A base class for FastEstimator Slicers.

Slicers cut batches into mini-batches in order to pass them through the network, then re-assemble them after bringing all of the pieces back together on the CPU before handing them off to network post-processing and traces.

Parameters:

Name Type Description Default
slice Union[None, str, Sequence[str]]

The input key(s) which this Slicer slices. Data which this slicer does not cut will be replicated across the resulting minibatches so that the network ops always have access to all of the batch keys.

None
unslice Union[None, str, Sequence[str]]

The input key(s) which this Slicer un-slices. By default (empty tuple) the Slicer will un-slice whatever keys were specified in slice. If you do not want to un-slice those keys, then pass None or manually specify the specific keys which you would like this slicer to un-slice.

()
mode Union[None, str, Iterable[str]]

What mode(s) to invoke this Slicer in. For example, "train", "eval", "test", or "infer". To invoke regardless of mode, pass None. To invoke in all modes except for a particular one, you can pass an argument like "!infer" or "!train".

None
ds_id Union[None, str, Iterable[str]]

What dataset id(s) to invoke this Slicer in. To invoke regardless of ds_id, pass None. To invoke in all ds_ids except for a particular one, you can pass an argument like "!ds1".

None
Source code in fastestimator/fastestimator/slicer/slicer.py
@traceable()
class Slicer():
    """A base class for FastEstimator Slicers.

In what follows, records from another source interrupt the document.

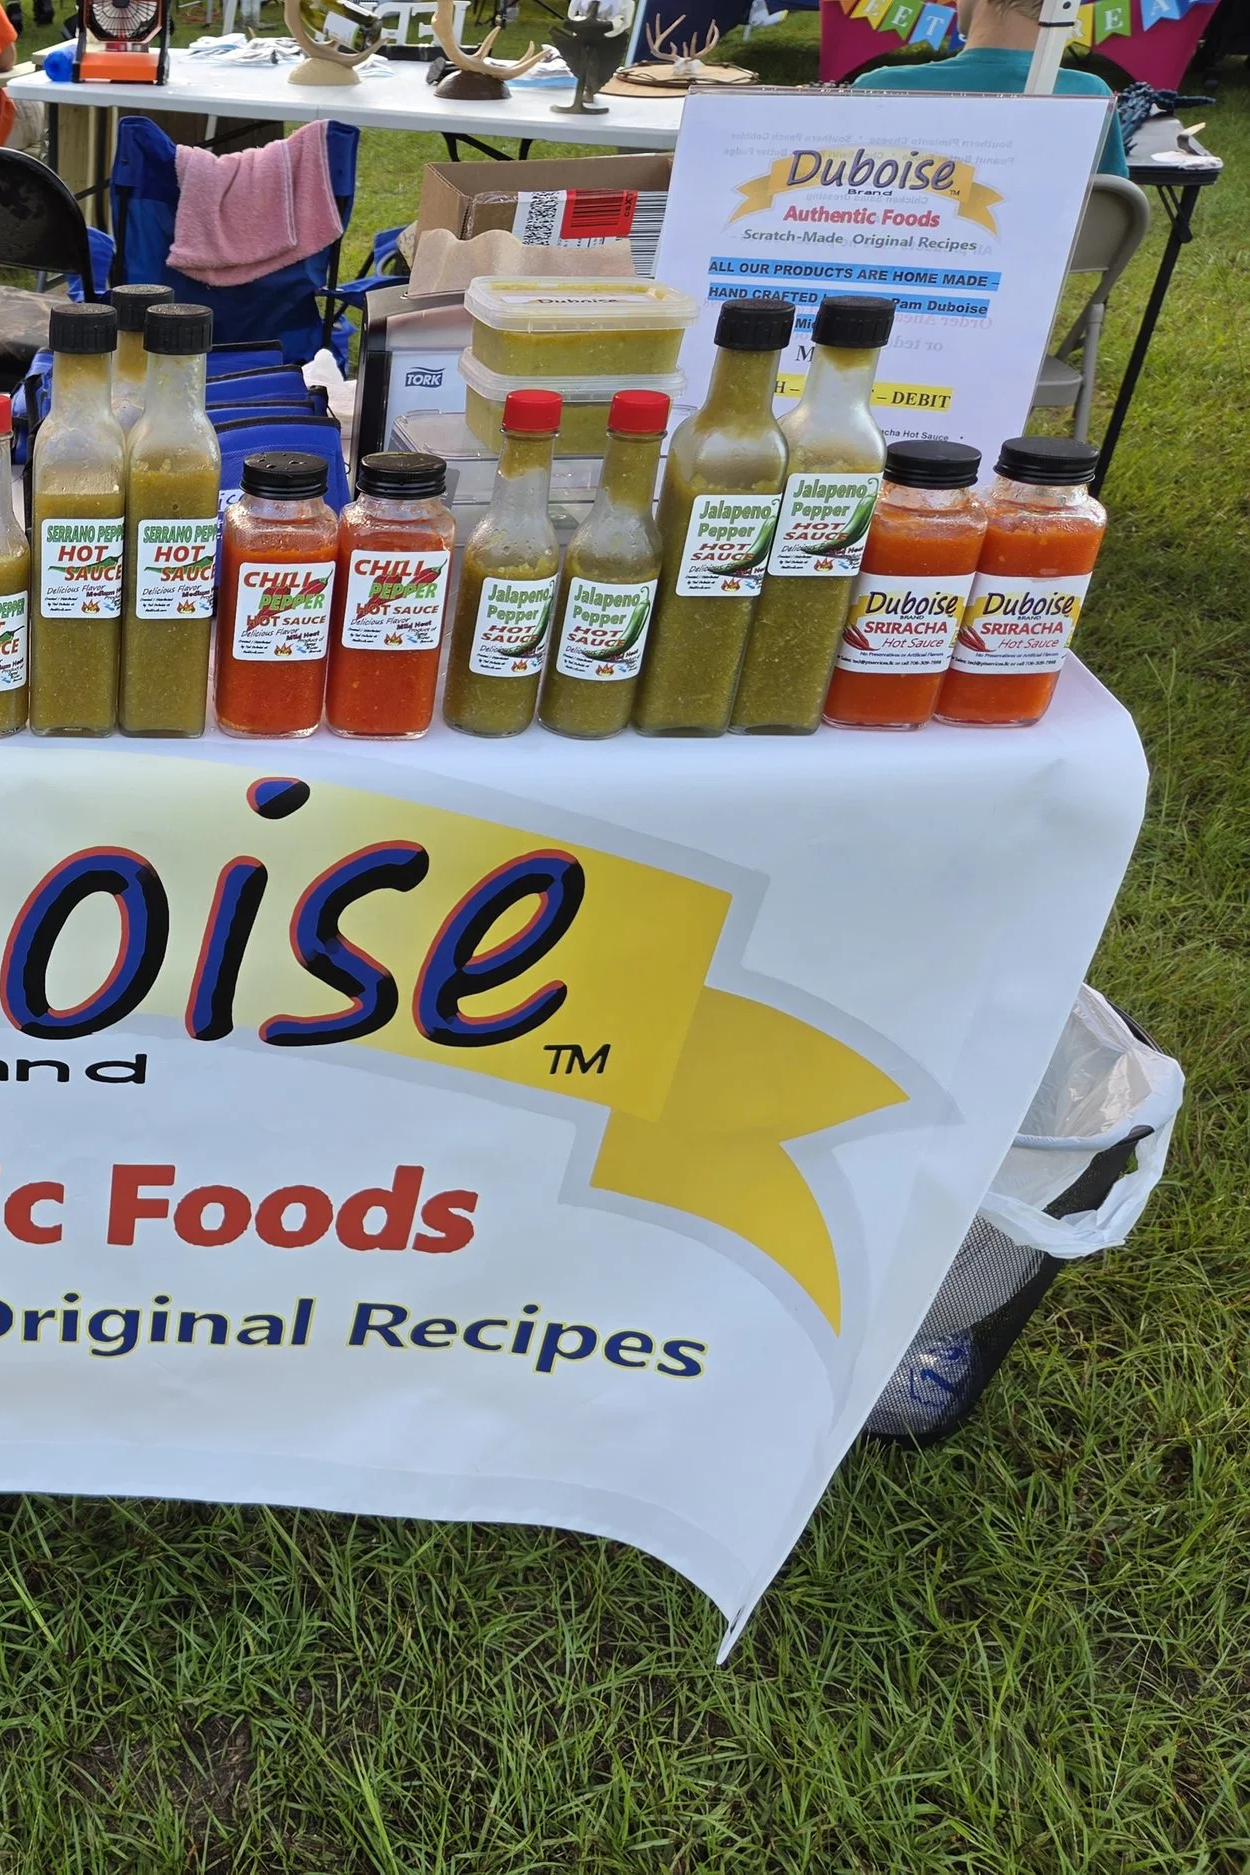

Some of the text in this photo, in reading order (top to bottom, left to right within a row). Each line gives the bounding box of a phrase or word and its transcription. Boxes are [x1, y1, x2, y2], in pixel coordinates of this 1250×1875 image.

[786, 148, 958, 191] Duboise
[847, 188, 893, 197] Brand
[783, 205, 940, 228] Authentic Foods
[742, 228, 978, 252] Scratch-Made Original Recipes
[709, 261, 989, 288] ALL OUR PRODUCTS ARE HOME MADE
[709, 286, 819, 304] HAND CRAFTED
[926, 300, 989, 316] Duboise
[406, 374, 442, 386] TORK
[891, 391, 952, 409] DEBIT
[903, 428, 919, 438] Hot
[921, 430, 949, 442] Sauce
[793, 478, 868, 501] Jalapeno
[699, 500, 772, 524] Jalapeno
[790, 502, 851, 521] Pepper
[46, 525, 96, 543] SERRANO
[143, 525, 192, 544] SERRANO
[697, 523, 756, 541] Pepper
[792, 522, 847, 531] HOT
[783, 531, 849, 541] SAUCE
[58, 545, 109, 562] HOT
[154, 545, 206, 562] HOT
[698, 543, 752, 551] HOT
[690, 552, 755, 561] SAUCE
[64, 566, 122, 582] SAUCE
[354, 559, 425, 577] CHILI
[244, 571, 312, 589] CHILI
[368, 582, 438, 600] PEPPER
[488, 583, 550, 608] Jalapeno
[574, 584, 641, 609] Jalapeno
[258, 593, 326, 610] PEPPER
[356, 603, 440, 616] HOT SAUCE
[865, 591, 959, 616] Duboise
[982, 591, 1076, 617] Duboise
[246, 615, 327, 628] HOT SAUCE
[350, 616, 410, 626] Delicious Flavor
[486, 604, 539, 626] Pepper
[572, 604, 627, 627] Pepper
[241, 627, 300, 637] Delicious Flavor
[488, 625, 536, 634] HOT
[574, 625, 623, 638] HOT
[863, 620, 949, 635] SRIRACHA
[980, 621, 1064, 635] SRIRACHA
[480, 633, 538, 644] SAUCE
[567, 633, 626, 647] SAUCE
[881, 638, 945, 648] Hot Sauce
[998, 638, 1060, 649] Hot Sauce
[543, 1044, 610, 1075] TM
[106, 1164, 479, 1254] Foods
[347, 1300, 709, 1380] Recipes
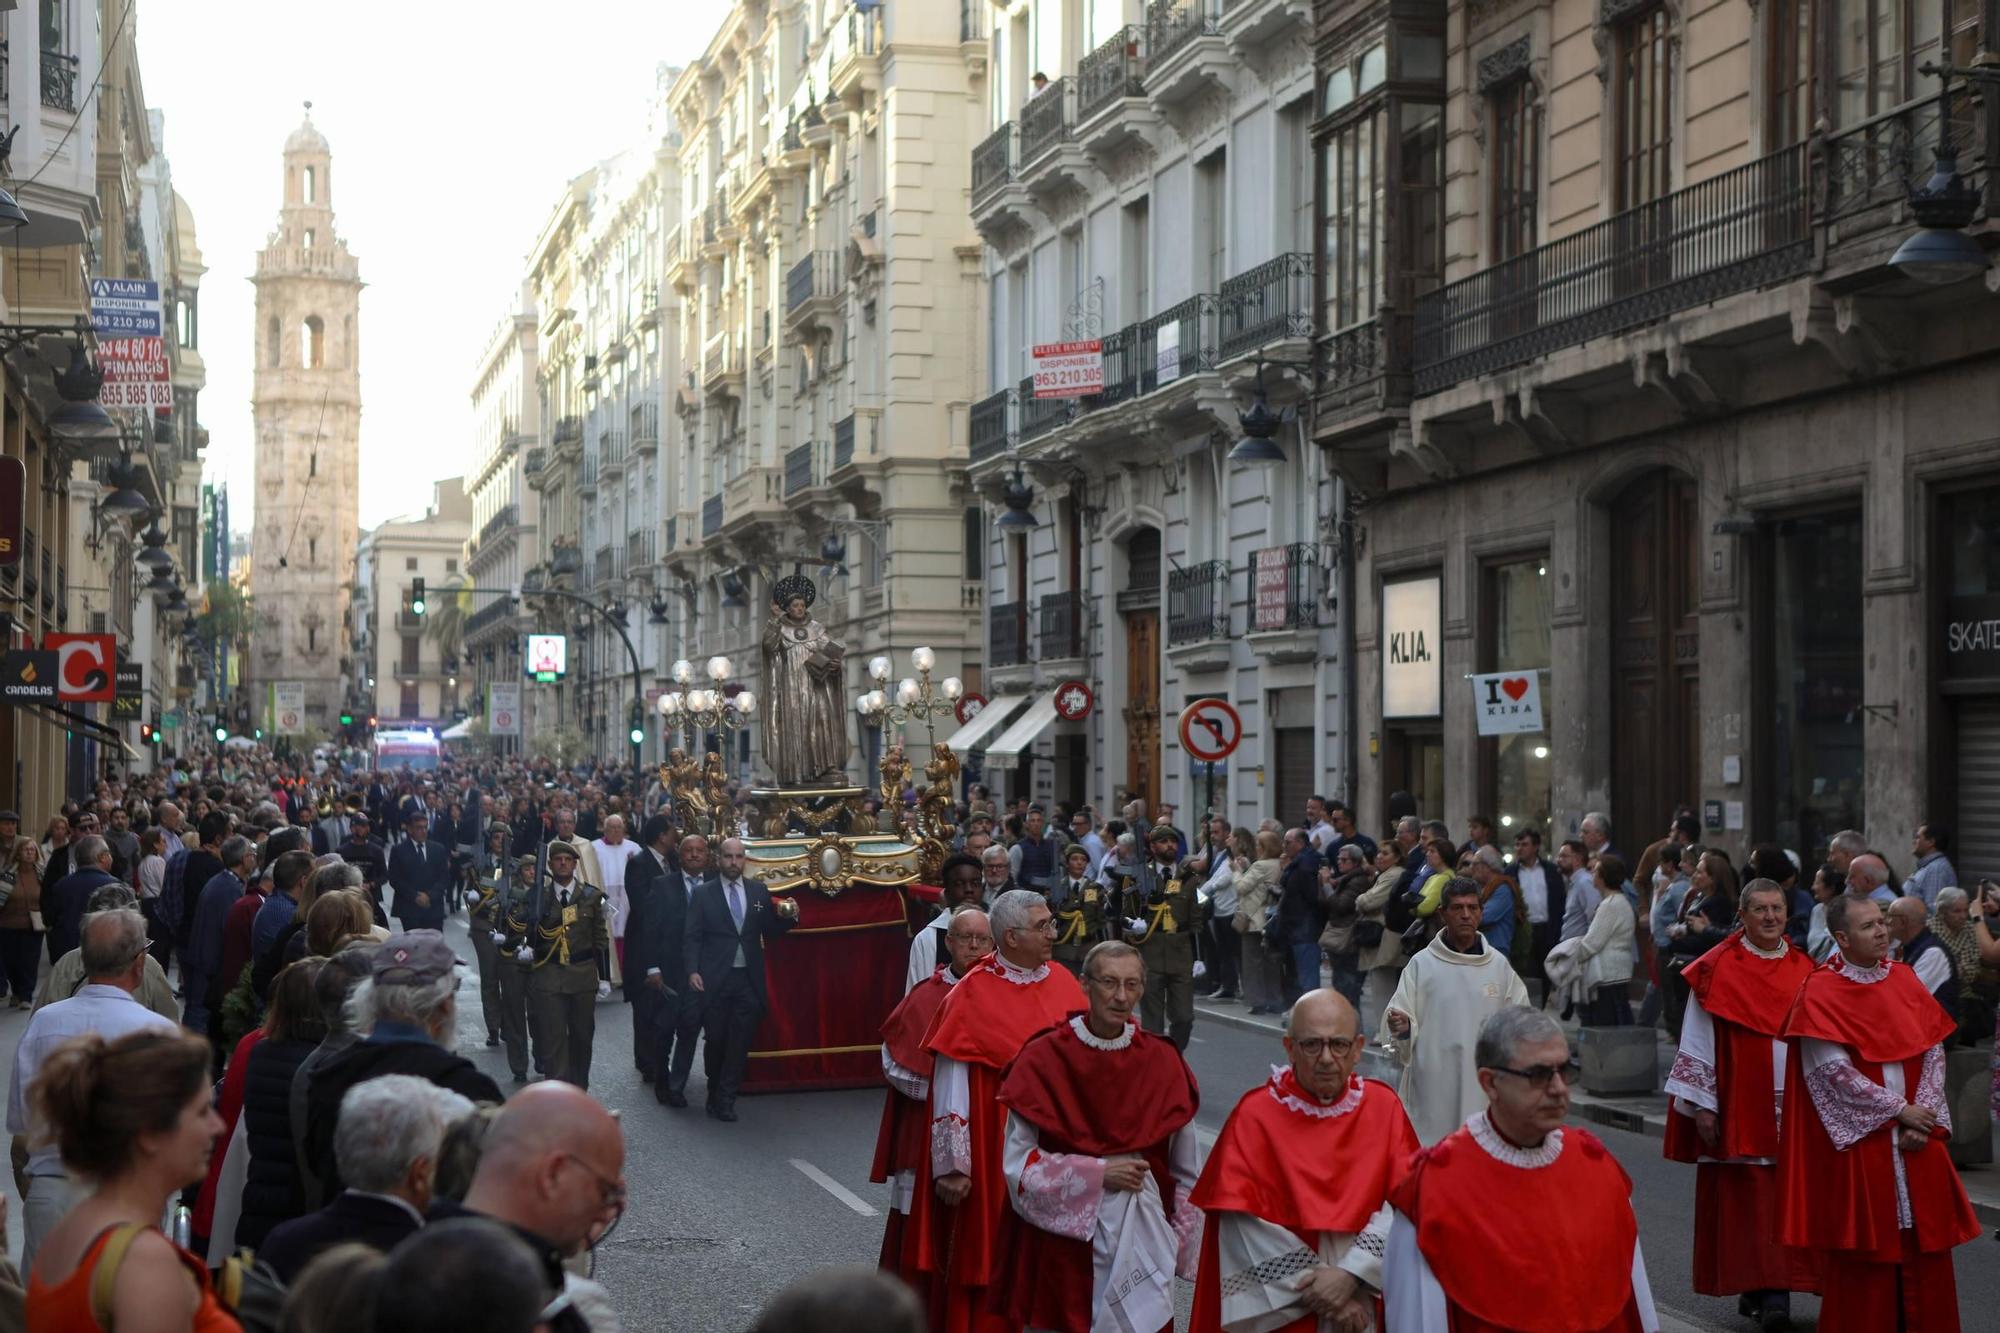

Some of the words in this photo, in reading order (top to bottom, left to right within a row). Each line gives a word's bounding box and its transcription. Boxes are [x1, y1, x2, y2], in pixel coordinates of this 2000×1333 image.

[112, 282, 146, 293] ALAIN
[95, 299, 147, 310] DISPONIBLE
[113, 316, 133, 328] 210
[136, 318, 156, 329] 289
[132, 339, 146, 359] 60
[147, 338, 161, 362] 10
[1040, 356, 1097, 369] DISPONIBLE
[1034, 371, 1057, 387] 963
[1059, 369, 1080, 385] 210
[1082, 367, 1102, 383] 305
[101, 384, 123, 405] 655
[126, 384, 147, 405] 585
[151, 384, 171, 404] 083
[1390, 630, 1431, 664] KLIA.
[5, 685, 54, 697] CANDELAS
[1484, 679, 1502, 704] I
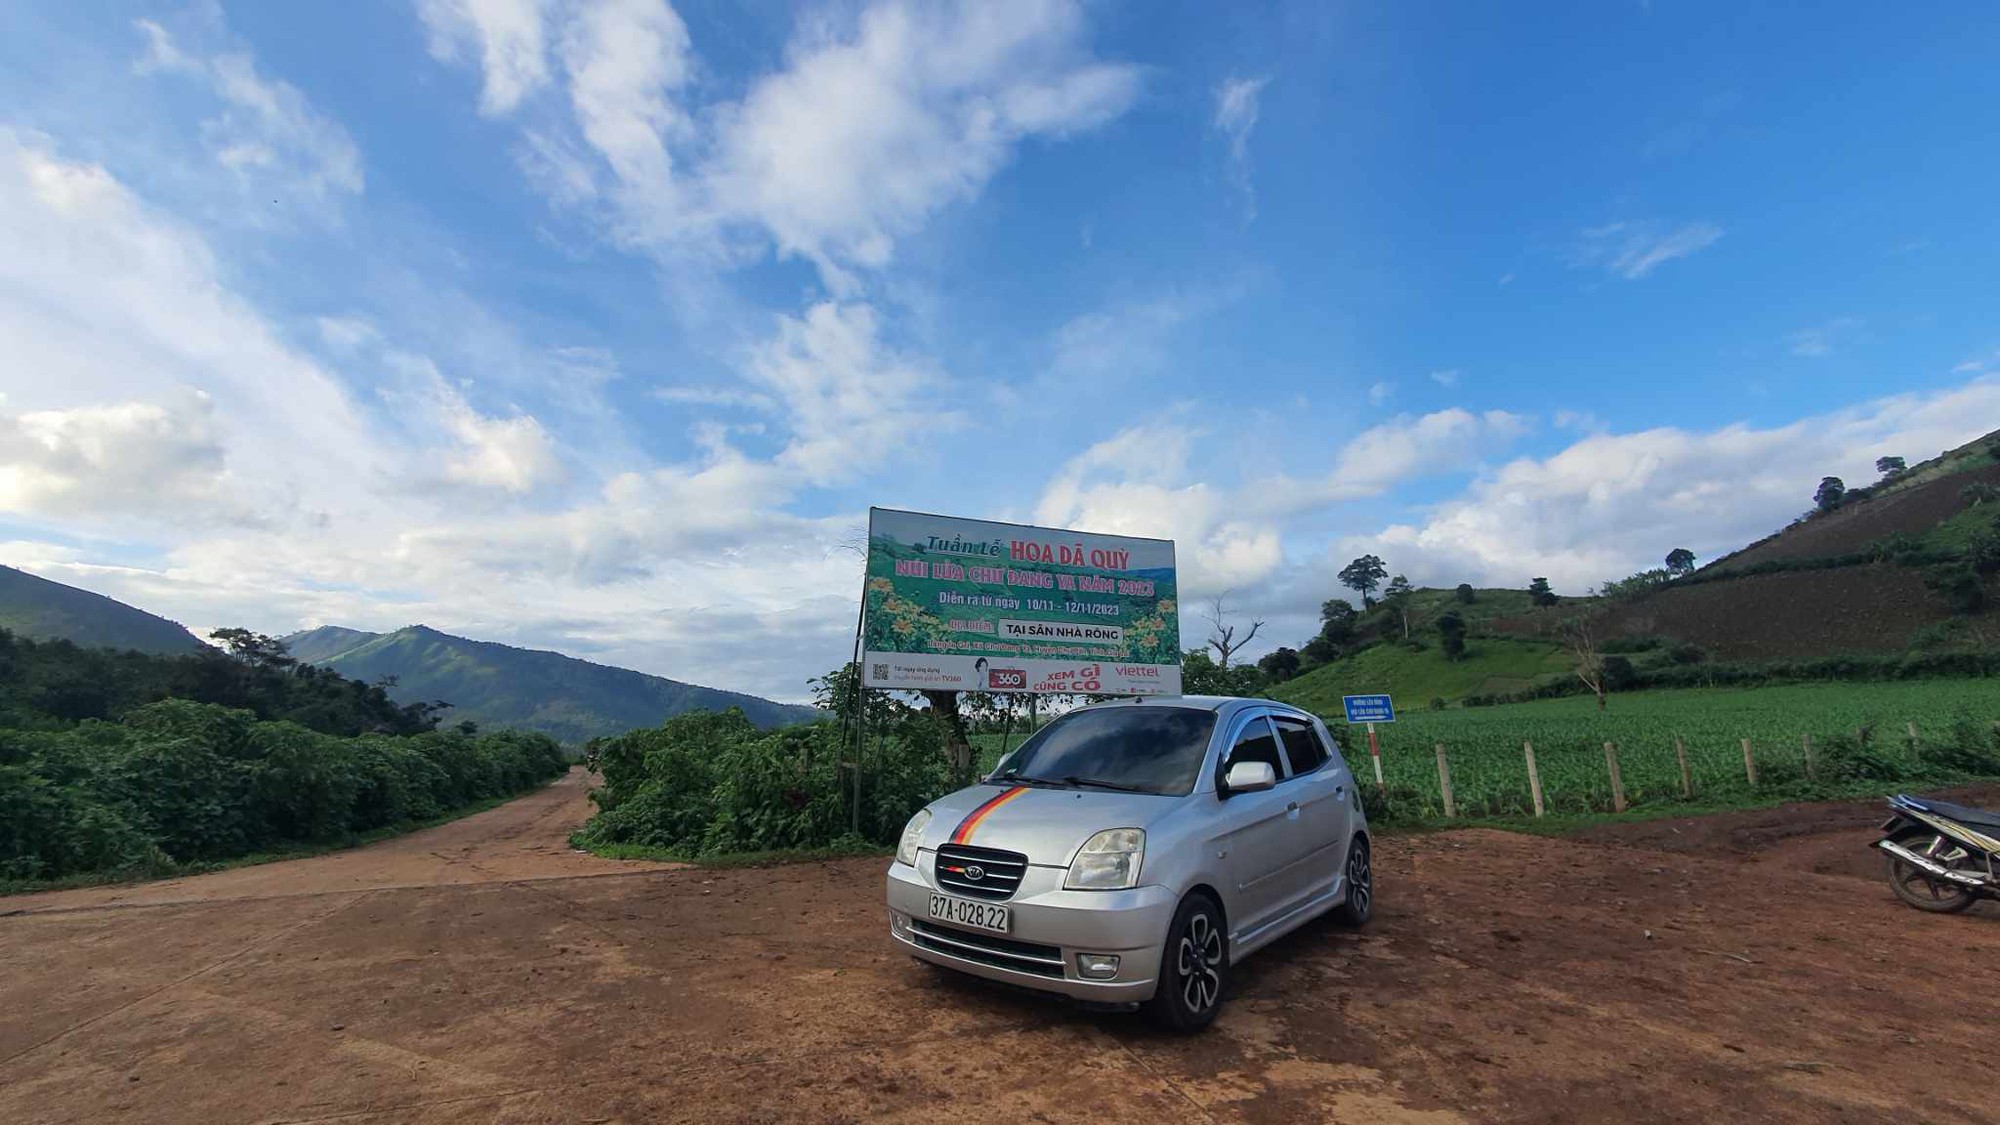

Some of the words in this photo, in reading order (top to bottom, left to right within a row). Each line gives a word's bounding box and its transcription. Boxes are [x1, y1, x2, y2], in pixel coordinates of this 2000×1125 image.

    Slicers cut batches into mini-batches in order to pass them through the network, then re-assemble them after
    bringing all of the pieces back together on the CPU before handing them off to network post-processing and traces.

    Args:
        slice: The input key(s) which this Slicer slices. Data which this slicer does not cut will be replicated across
            the resulting minibatches so that the network ops always have access to all of the batch keys.
        unslice: The input key(s) which this Slicer un-slices. By default (empty tuple) the Slicer will un-slice
            whatever keys were specified in `slice`. If you do not want to un-slice those keys, then pass None or
            manually specify the specific keys which you would like this slicer to un-slice.
        mode: What mode(s) to invoke this Slicer in. For example, "train", "eval", "test", or "infer". To invoke
            regardless of mode, pass None. To invoke in all modes except for a particular one, you can pass an argument
            like "!infer" or "!train".
        ds_id: What dataset id(s) to invoke this Slicer in. To invoke regardless of ds_id, pass None. To invoke in all
            ds_ids except for a particular one, you can pass an argument like "!ds1".
    """
    slice_inputs: List[str]
    unslice_inputs: List[str]
    mode: Set[str]
    ds_id: Set[str]
    minibatch_size: int = 0  # Used for traceability

    def __init__(self,
                 slice: Union[None, str, Sequence[str]] = None,
                 unslice: Union[None, str, Sequence[str]] = (),
                 mode: Union[None, str, Iterable[str]] = None,
                 ds_id: Union[None, str, Iterable[str]] = None) -> None:
        if isinstance(unslice, tuple) and len(unslice) == 0:
            # If unslice keys are not specified, then use the slice keys by default for convenience
            unslice = slice
        self.slice_inputs = check_io_names(to_list(slice))
        self.unslice_inputs = check_io_names(to_list(unslice))
        self.mode = parse_modes(to_set(mode))
        self.ds_id = check_ds_id(to_set(ds_id))
        self.minibatch_size = 0
        if not self.slice_inputs and not self.unslice_inputs:
            raise ValueError("At least one of slice_inputs or unslice_inputs should be provided")
        if self.slice_inputs and type(self)._slice_batch == Slicer._slice_batch:
            raise NotImplementedError(
                f"Slice inputs were provided, but {type(self).__name__} does not implement _slice_batch")
        if self.unslice_inputs and type(self)._unslice_batch == Slicer._unslice_batch:
            raise NotImplementedError(
                f"Unslice inputs were provided, but {type(self).__name__} does not implement _unslice_batch")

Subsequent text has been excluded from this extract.